[Stored data entries]
[Start of Attachment]

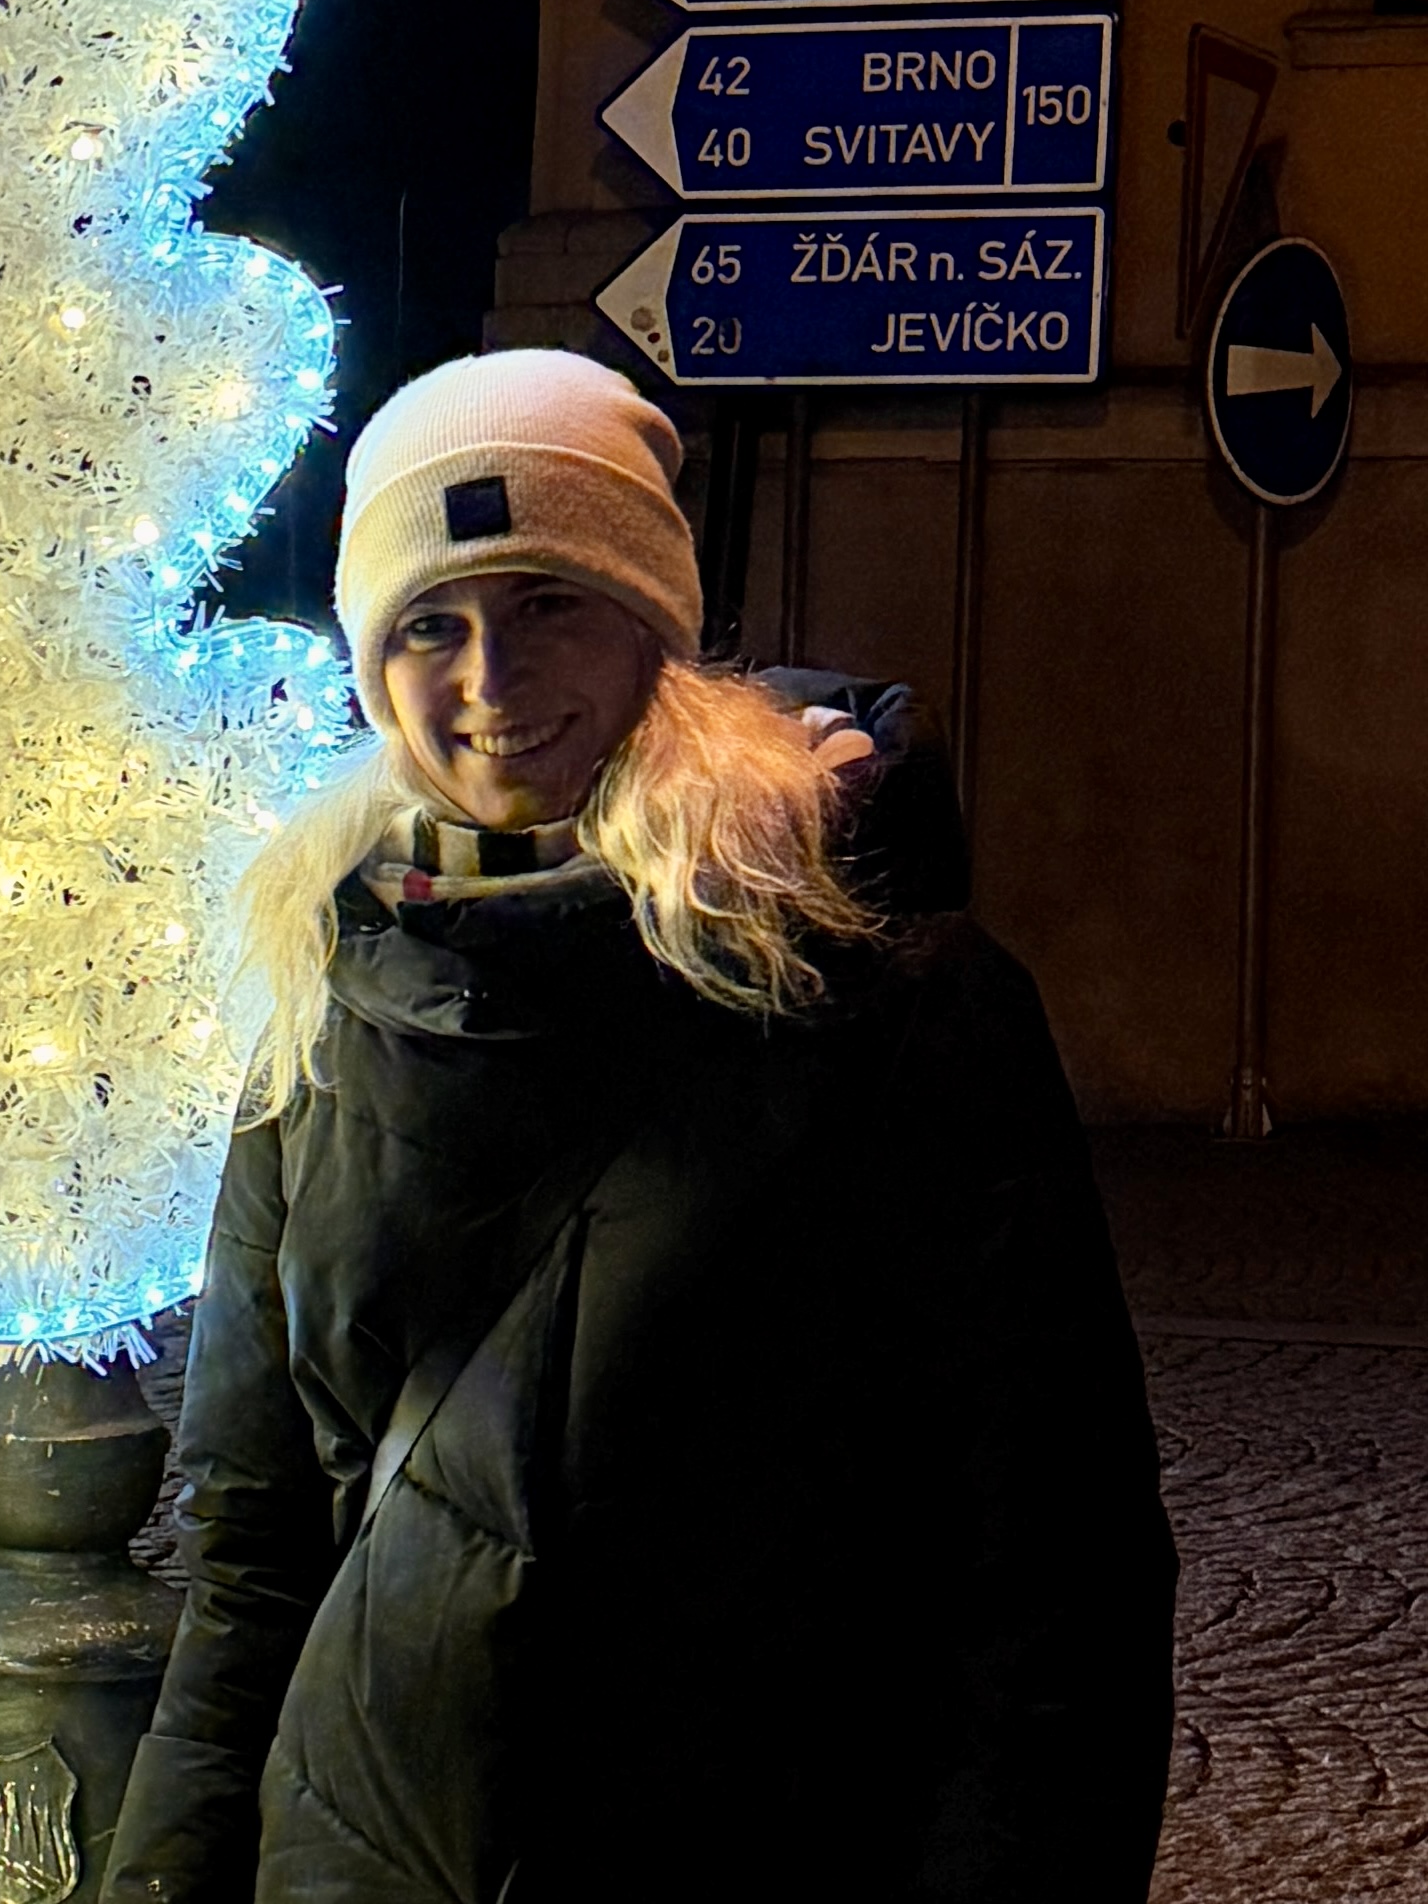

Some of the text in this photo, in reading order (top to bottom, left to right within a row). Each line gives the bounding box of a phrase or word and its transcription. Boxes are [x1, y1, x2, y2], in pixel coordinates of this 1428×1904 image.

[697, 49, 997, 96] 42 BRNO
[1021, 83, 1092, 126] 150
[697, 120, 996, 168] 40 SVITAVY
[690, 229, 1083, 285] 65 ŽĎÁR n. SÁZ.
[690, 301, 1070, 356] 20 JEVÍČKO
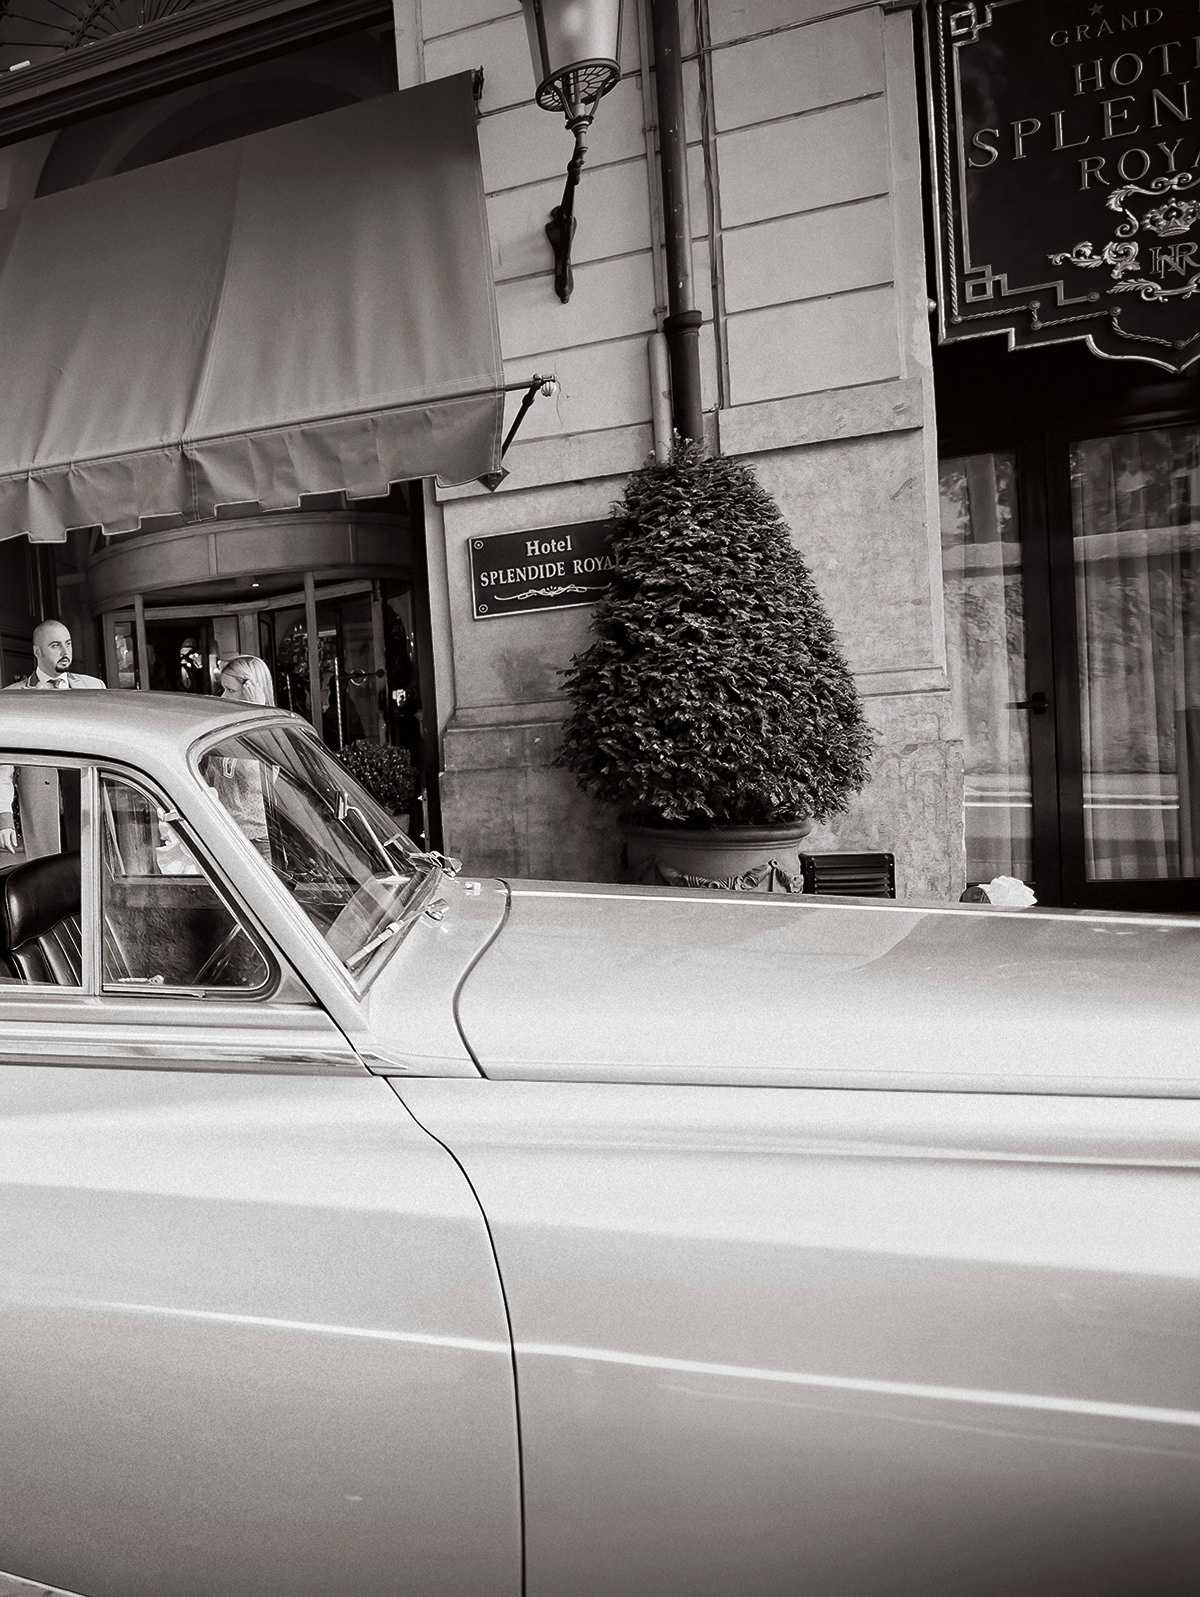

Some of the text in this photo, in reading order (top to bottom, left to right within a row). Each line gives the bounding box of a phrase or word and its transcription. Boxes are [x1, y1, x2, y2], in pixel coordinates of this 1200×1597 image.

[End of Attachment]

» Task brief
When you give the entries again, keep them exact and omit any picture they contain.

» Task result
Some of the text in this photo, in reading order (top to bottom, left to right within a row). Each line gives the bounding box of a phrase or word and its transcription. Boxes are [x1, y1, x2, y2], in pixel coordinates of this 1428×1904 image.

[697, 49, 997, 96] 42 BRNO
[1021, 83, 1092, 126] 150
[697, 120, 996, 168] 40 SVITAVY
[690, 229, 1083, 285] 65 ŽĎÁR n. SÁZ.
[690, 301, 1070, 356] 20 JEVÍČKO

Some of the text in this photo, in reading order (top to bottom, left to right within a row). Each line gives the bounding box of a phrase or word and its transcription. Boxes are [x1, y1, x2, y2], in pixel coordinates of this 1200×1597 image.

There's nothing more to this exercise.